BEGIN Records for the task
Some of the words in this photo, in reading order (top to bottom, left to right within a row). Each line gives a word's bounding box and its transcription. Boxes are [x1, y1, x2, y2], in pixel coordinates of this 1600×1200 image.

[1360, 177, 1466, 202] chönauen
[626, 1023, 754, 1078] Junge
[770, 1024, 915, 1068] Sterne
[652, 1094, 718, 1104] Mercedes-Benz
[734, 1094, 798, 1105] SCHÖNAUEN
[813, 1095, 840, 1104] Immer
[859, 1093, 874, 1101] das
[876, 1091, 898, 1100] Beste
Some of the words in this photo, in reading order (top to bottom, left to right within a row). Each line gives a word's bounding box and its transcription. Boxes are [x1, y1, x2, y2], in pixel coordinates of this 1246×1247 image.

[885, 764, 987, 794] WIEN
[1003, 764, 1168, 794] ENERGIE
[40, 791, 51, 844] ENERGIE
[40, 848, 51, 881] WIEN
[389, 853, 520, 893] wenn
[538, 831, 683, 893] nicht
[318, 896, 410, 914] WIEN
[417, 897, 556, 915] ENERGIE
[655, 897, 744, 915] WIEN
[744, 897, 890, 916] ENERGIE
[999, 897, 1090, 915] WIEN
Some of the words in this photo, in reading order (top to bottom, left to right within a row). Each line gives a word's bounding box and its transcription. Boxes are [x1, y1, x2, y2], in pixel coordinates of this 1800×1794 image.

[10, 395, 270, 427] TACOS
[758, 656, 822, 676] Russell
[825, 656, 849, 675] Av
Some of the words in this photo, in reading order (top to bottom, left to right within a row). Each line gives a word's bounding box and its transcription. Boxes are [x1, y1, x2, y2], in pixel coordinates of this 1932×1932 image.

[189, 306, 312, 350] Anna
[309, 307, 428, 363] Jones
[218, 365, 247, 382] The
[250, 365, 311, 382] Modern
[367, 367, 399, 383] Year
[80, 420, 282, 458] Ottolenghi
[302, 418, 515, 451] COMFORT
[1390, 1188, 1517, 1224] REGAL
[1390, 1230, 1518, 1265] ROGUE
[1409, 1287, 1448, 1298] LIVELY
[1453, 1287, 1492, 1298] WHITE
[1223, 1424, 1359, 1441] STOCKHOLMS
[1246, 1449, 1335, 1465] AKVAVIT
END Records for the task
• _Directions for this task_
Output every line of the data again, exactly.

• _Exercise answer_
Some of the words in this photo, in reading order (top to bottom, left to right within a row). Each line gives a word's bounding box and its transcription. Boxes are [x1, y1, x2, y2], in pixel coordinates of this 1600×1200 image.

[1360, 177, 1466, 202] chönauen
[626, 1023, 754, 1078] Junge
[770, 1024, 915, 1068] Sterne
[652, 1094, 718, 1104] Mercedes-Benz
[734, 1094, 798, 1105] SCHÖNAUEN
[813, 1095, 840, 1104] Immer
[859, 1093, 874, 1101] das
[876, 1091, 898, 1100] Beste
Some of the words in this photo, in reading order (top to bottom, left to right within a row). Each line gives a word's bounding box and its transcription. Boxes are [x1, y1, x2, y2], in pixel coordinates of this 1246×1247 image.

[885, 764, 987, 794] WIEN
[1003, 764, 1168, 794] ENERGIE
[40, 791, 51, 844] ENERGIE
[40, 848, 51, 881] WIEN
[389, 853, 520, 893] wenn
[538, 831, 683, 893] nicht
[318, 896, 410, 914] WIEN
[417, 897, 556, 915] ENERGIE
[655, 897, 744, 915] WIEN
[744, 897, 890, 916] ENERGIE
[999, 897, 1090, 915] WIEN
Some of the words in this photo, in reading order (top to bottom, left to right within a row). Each line gives a word's bounding box and its transcription. Boxes are [x1, y1, x2, y2], in pixel coordinates of this 1800×1794 image.

[10, 395, 270, 427] TACOS
[758, 656, 822, 676] Russell
[825, 656, 849, 675] Av
Some of the words in this photo, in reading order (top to bottom, left to right within a row). Each line gives a word's bounding box and its transcription. Boxes are [x1, y1, x2, y2], in pixel coordinates of this 1932×1932 image.

[189, 306, 312, 350] Anna
[309, 307, 428, 363] Jones
[218, 365, 247, 382] The
[250, 365, 311, 382] Modern
[367, 367, 399, 383] Year
[80, 420, 282, 458] Ottolenghi
[302, 418, 515, 451] COMFORT
[1390, 1188, 1517, 1224] REGAL
[1390, 1230, 1518, 1265] ROGUE
[1409, 1287, 1448, 1298] LIVELY
[1453, 1287, 1492, 1298] WHITE
[1223, 1424, 1359, 1441] STOCKHOLMS
[1246, 1449, 1335, 1465] AKVAVIT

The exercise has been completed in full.